La editorial Turpin acaba de publicar el primer título de una colección que resuelve la demanda de las personas con dificultades visuales: poder seguir leyendo sin que el cuerpo de letra se convierta en una tortura.

“¿Oye, tenéis libros con letra gorda?”. Con esta pregunta surge el sello Camaleona, de la editorial Turpin, una nueva colección que atiende una demanda social creciente, pero invisible y no resuelta: la de muchas personas que aman la lectura, pero que tienen dificultades con el tamaño de la letra. Ya sea por la edad, por enfermedades como la degeneración macular o por cualquier tipo de discapacidad visual, enfrentarse al cuerpo habitual de la letra de los libros (entre 11 y 13 puntos¿?¿?¿) puede resultar frustrante. Un tamaño de la letra excesivamente pequeño añade una dificultad añadida a sus problemas de visión y frustra las ganas de leer.

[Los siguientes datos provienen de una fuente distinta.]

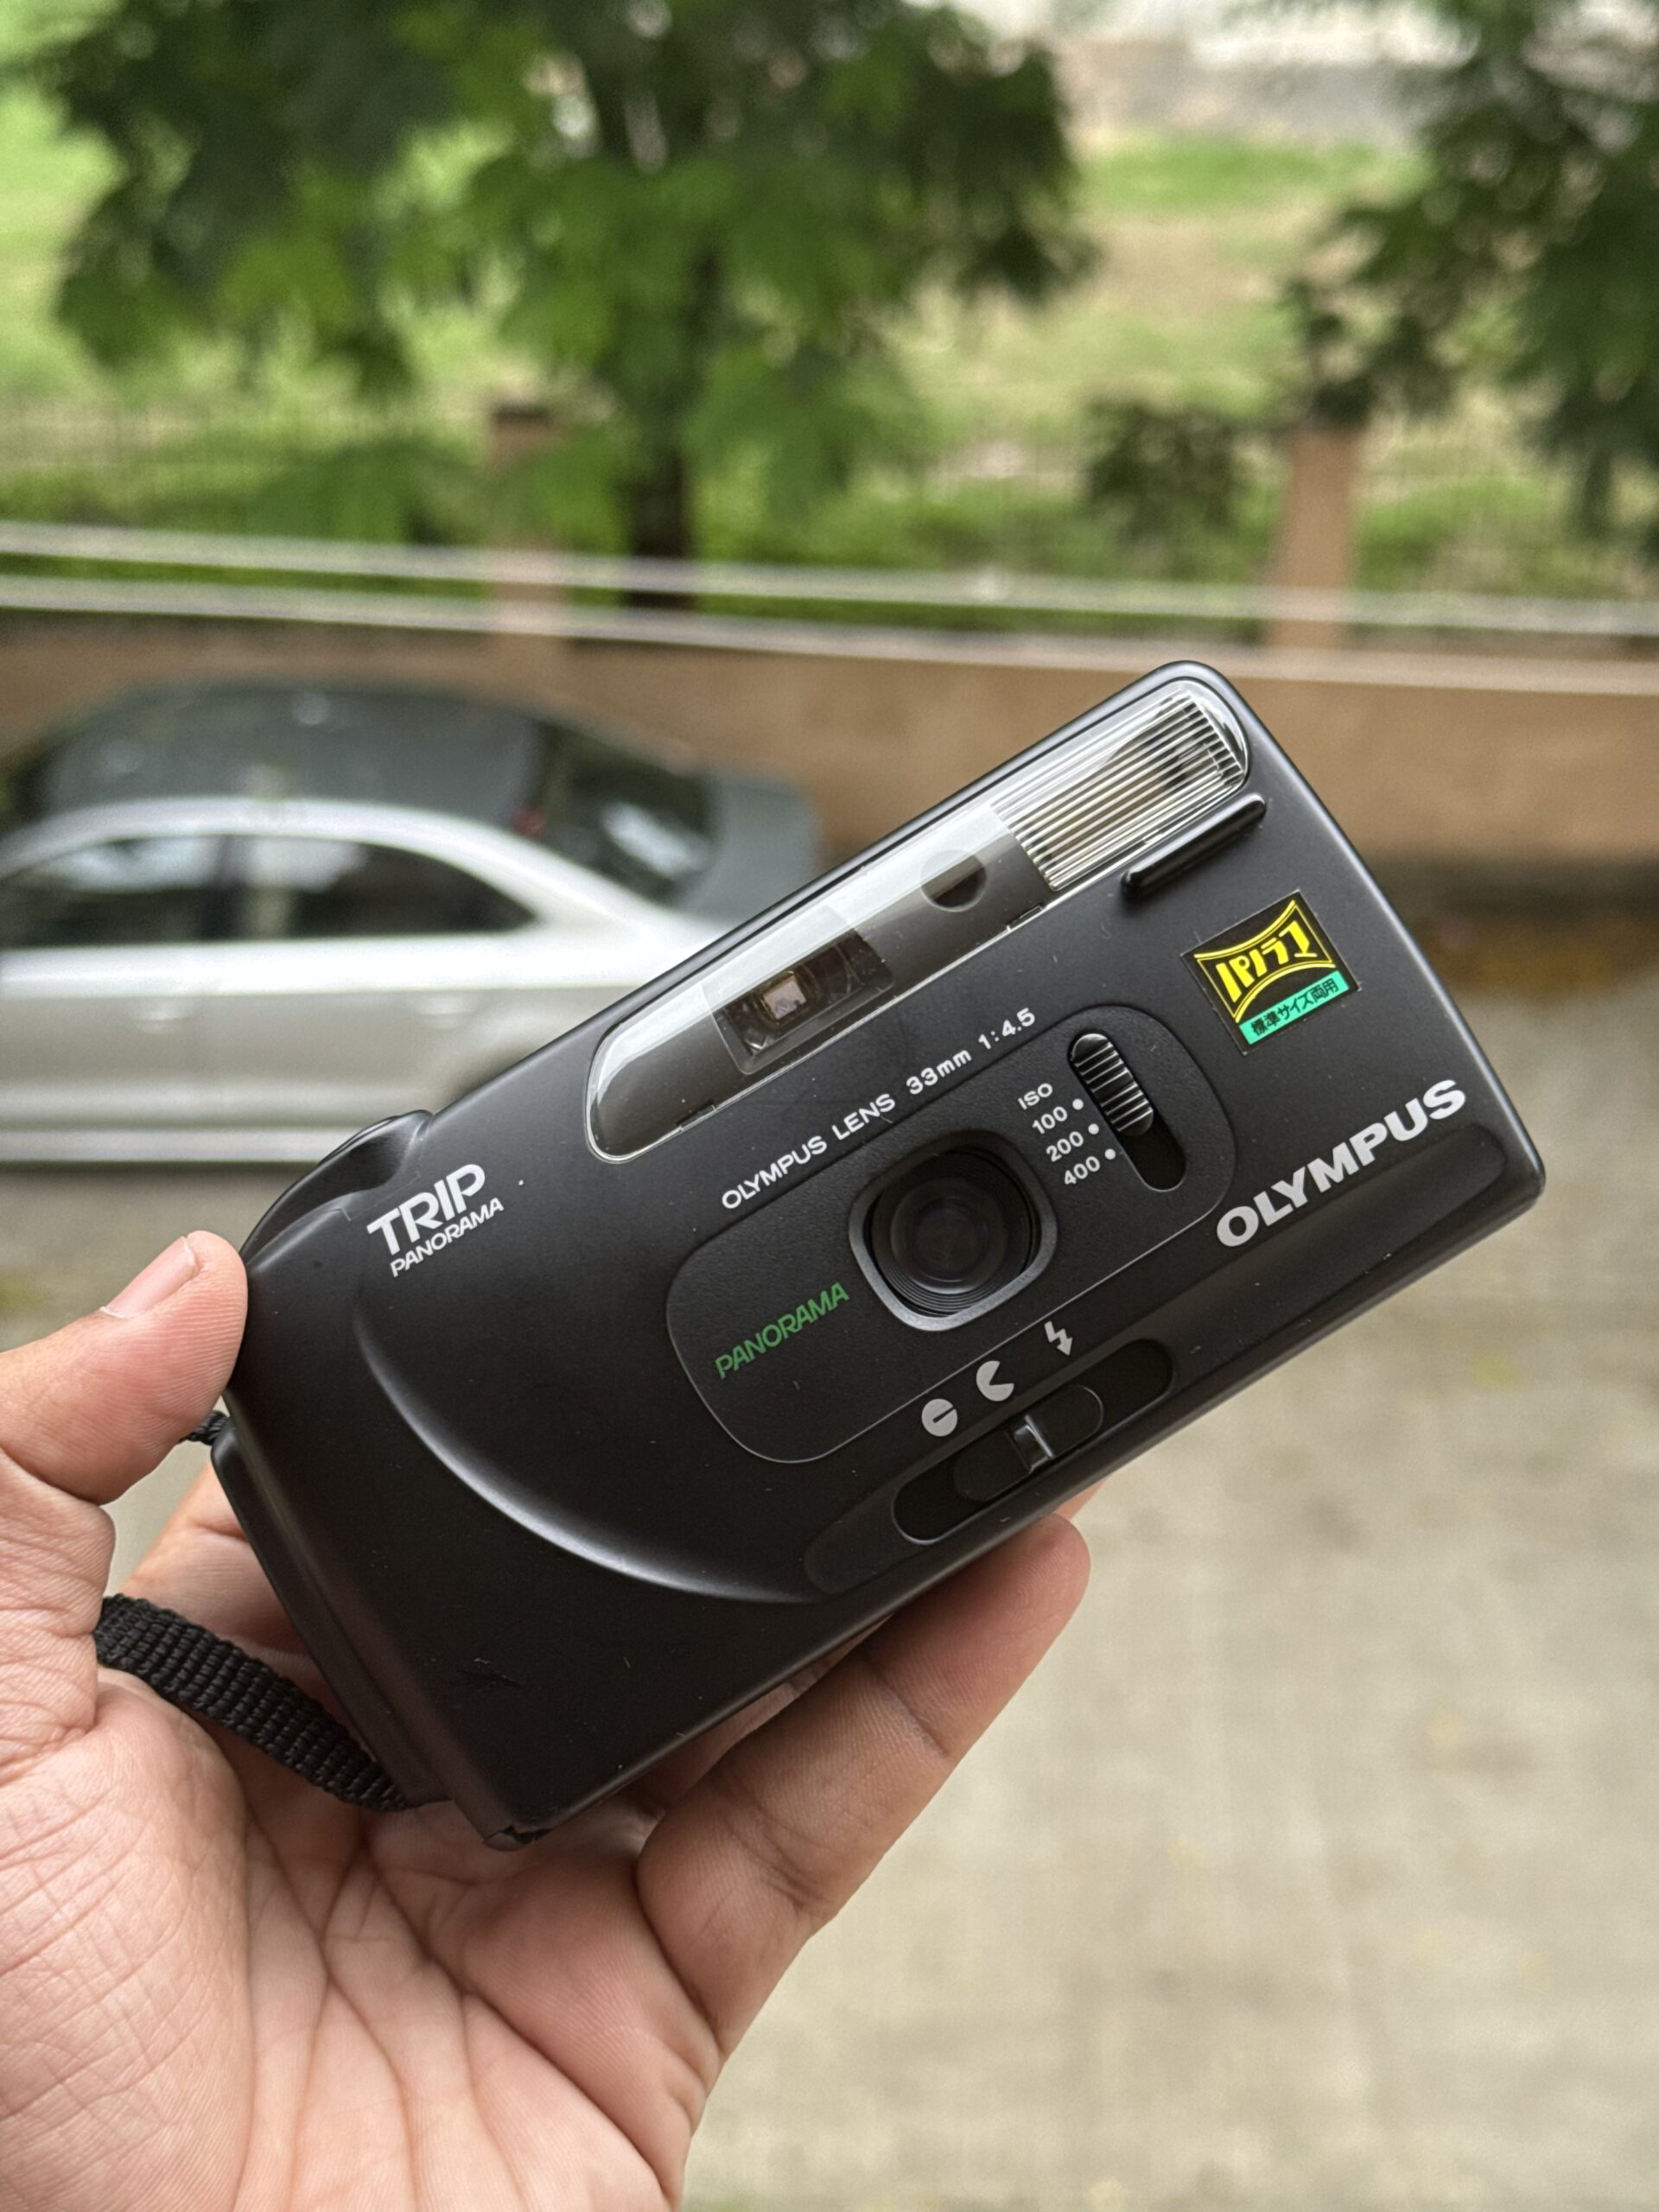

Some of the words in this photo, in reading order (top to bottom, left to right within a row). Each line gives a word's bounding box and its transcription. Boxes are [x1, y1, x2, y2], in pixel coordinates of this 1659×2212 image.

[1250, 977, 1338, 1036] 標準サイズ両用
[721, 1135, 828, 1211] OLYMPUS
[831, 1093, 896, 1141] LENS
[906, 1050, 972, 1096] 33mm
[977, 1007, 1037, 1051] 1:4.5
[1017, 1082, 1054, 1110] ISO
[1032, 1106, 1069, 1135] 100
[1046, 1131, 1085, 1162] 200
[1063, 1155, 1101, 1185] 400
[1216, 1079, 1466, 1247] OLYMPUS
[366, 1164, 486, 1255] TRIP
[390, 1198, 504, 1277] PANORAMA
[715, 1282, 850, 1379] PANORAMA

Por ello, para que personas de todas las edades y capacidades puedan seguir disfrutando del placer de abrir un libro y ponerse a leer sin barreras nace Camaleona. La idea se pone en marcha a principios de este año con una llamada que parte de los responsables de la Unión, una asociación de Plataformas en defensa de los servicios sociales y la discapacidad funcional. El problema de los asociados con problemas de visión al enfrentarse a los textos habituales es recurrente y su solución no parece muy difícil, sobre todo si conoces a alguien que hace libros y cuya editorial siempre ha sido extremadamente sensible y receptiva con las diversas causas sociales. Así es la editorial Turpin, con base en el madrileño barrio de Carabanchel y no, en enero no tenían libros con letra gorda. Lo que sí tenían (y tienen) son buenos reflejos y capacidad de respuesta de modo que se pusieron manos a la obra y, dos meses después, los libros ‘con letra gorda’ (cuerpo 21) son una realidad.

El primer título de esta colección se titula Luz y Tarta de Manzana y el autor es uno de los habituales de esta editorial acostumbrada a las peticiones de particulares. Con varios libros publicados con Turpin, Miguel Garrido recuperó el placer y la vocación de la escritura después de una larga carrera en la empresa. Nació en 1929, de modo que le ha parecido una gran idea poder ver las aventuras de su personaje Alvarito el ingenuo con una letra tan grande, “tan cómoda”, en sus palabras. Y da en el clavo: muchas veces no se trata de capacidades o discapacidades, sino simplemente de que, con la edad, se agradece un tipo de letra mayor porque facilita la lectura y permite leer más tiempo y más libros.

De momento este es el único de la colección Camaleona. Con un logo diseñado por el prestigioso ilustrador Carlos Pan, el nombre evoca esas antiguas gafas de lectura que agrandaban todo, incluido los ojos de quienes se las ponían para leer. Al responsable de Turpin, Jose Manuel Almeida, esa imagen le traía recuerdos familiares de su madre y su abuela intentando seguir leyendo con ese tipo de lentes que les daban un aspecto fantástico, camaleónico… Esta colección se convierte así en un recuerdo y un homenaje a todas las personas que aman los libros y quieren seguir leyendo a pesar de las dificultades. Y para solventarlas es preciso que existan editoriales comprometidas como Turpin y personas, organismos y entidades que ayuden a hacer todavía más grande, en títulos y tiradas, la pequeña y necesaria Camaleona.